--- TASK INPUTS ---

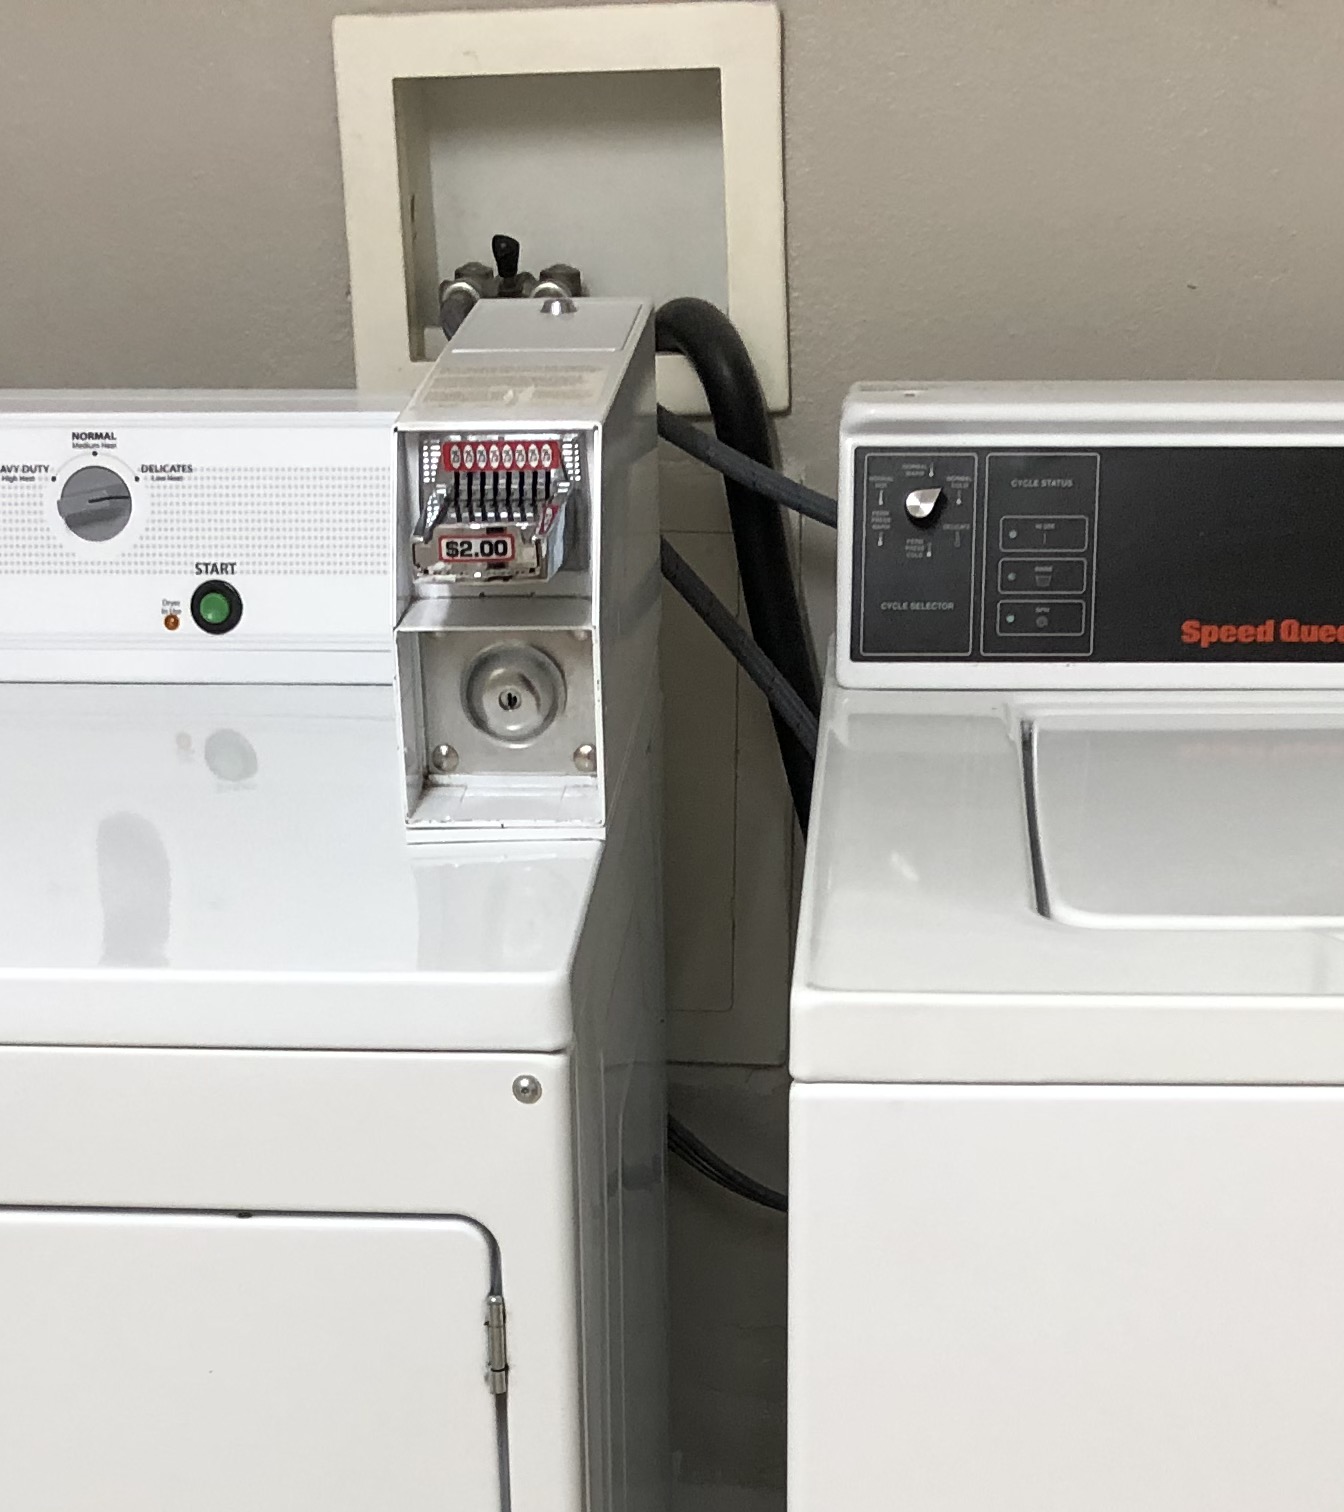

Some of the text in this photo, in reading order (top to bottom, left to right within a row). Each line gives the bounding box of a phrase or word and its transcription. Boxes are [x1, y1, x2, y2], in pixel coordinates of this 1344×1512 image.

[72, 432, 116, 441] NORMAL
[22, 465, 49, 473] DUTY
[141, 464, 193, 473] DELICATES
[1011, 479, 1073, 487] CYCLE STATUS
[446, 540, 508, 558] $2.00
[195, 562, 237, 575] START
[881, 602, 954, 610] CYCLE SELECTOR
[1181, 619, 1274, 648] Speed
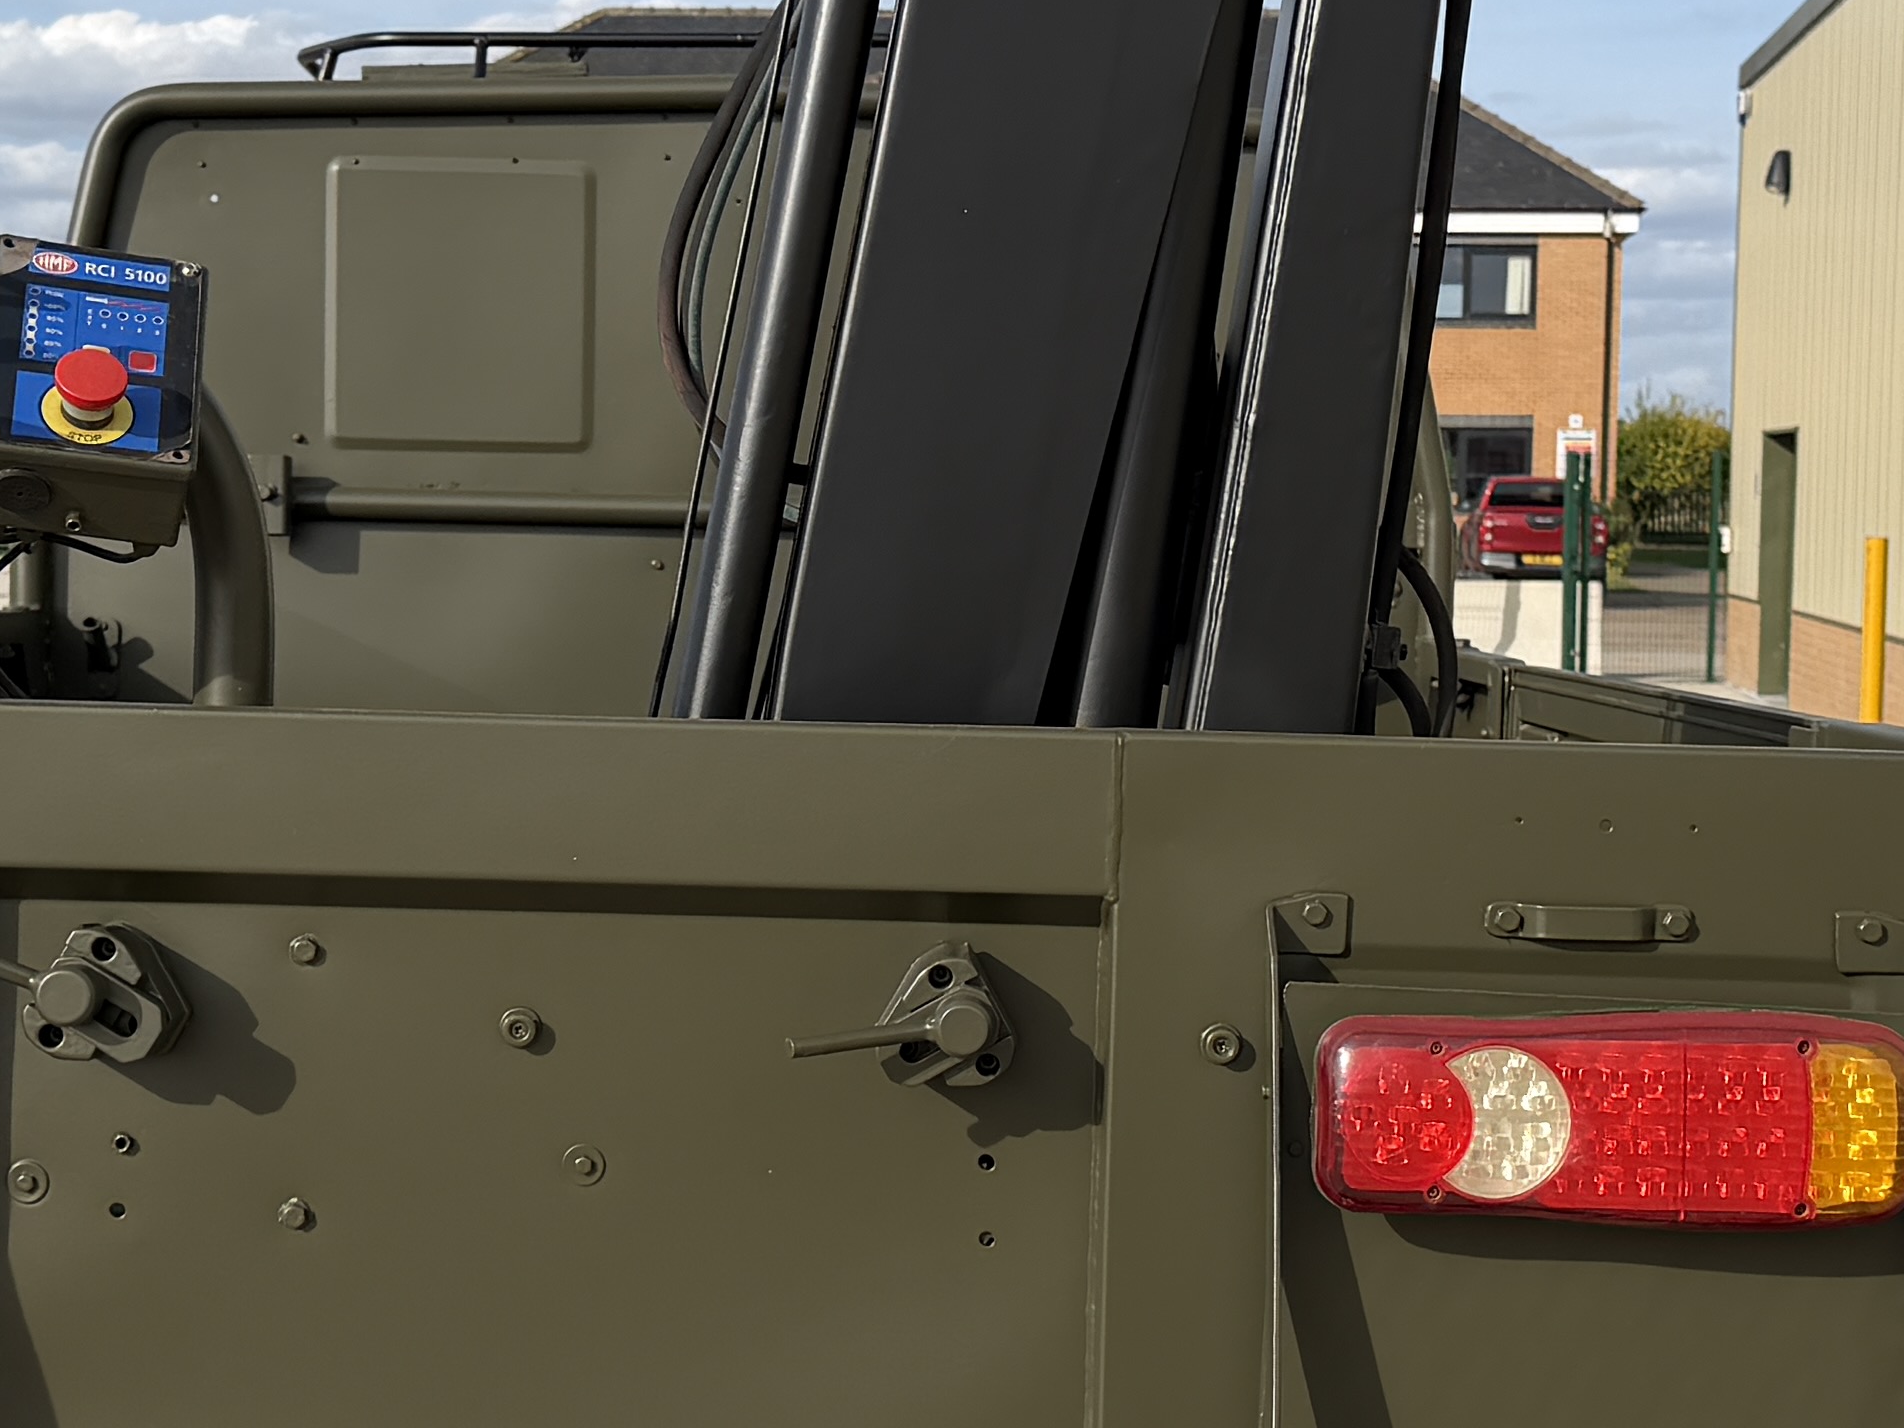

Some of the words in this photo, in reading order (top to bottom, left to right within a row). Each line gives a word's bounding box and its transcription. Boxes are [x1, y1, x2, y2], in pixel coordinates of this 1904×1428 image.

[38, 253, 74, 272] HMF
[85, 262, 115, 278] RCI
[124, 268, 167, 285] 5100
[67, 431, 103, 442] STOP

---

Could you retype each line of the material above exactly, skipping the pictures?

Some of the text in this photo, in reading order (top to bottom, left to right within a row). Each line gives the bounding box of a phrase or word and its transcription. Boxes are [x1, y1, x2, y2], in pixel coordinates of this 1344×1512 image.

[72, 432, 116, 441] NORMAL
[22, 465, 49, 473] DUTY
[141, 464, 193, 473] DELICATES
[1011, 479, 1073, 487] CYCLE STATUS
[446, 540, 508, 558] $2.00
[195, 562, 237, 575] START
[881, 602, 954, 610] CYCLE SELECTOR
[1181, 619, 1274, 648] Speed

Some of the words in this photo, in reading order (top to bottom, left to right within a row). Each line gives a word's bounding box and its transcription. Boxes are [x1, y1, x2, y2], in pixel coordinates of this 1904×1428 image.

[38, 253, 74, 272] HMF
[85, 262, 115, 278] RCI
[124, 268, 167, 285] 5100
[67, 431, 103, 442] STOP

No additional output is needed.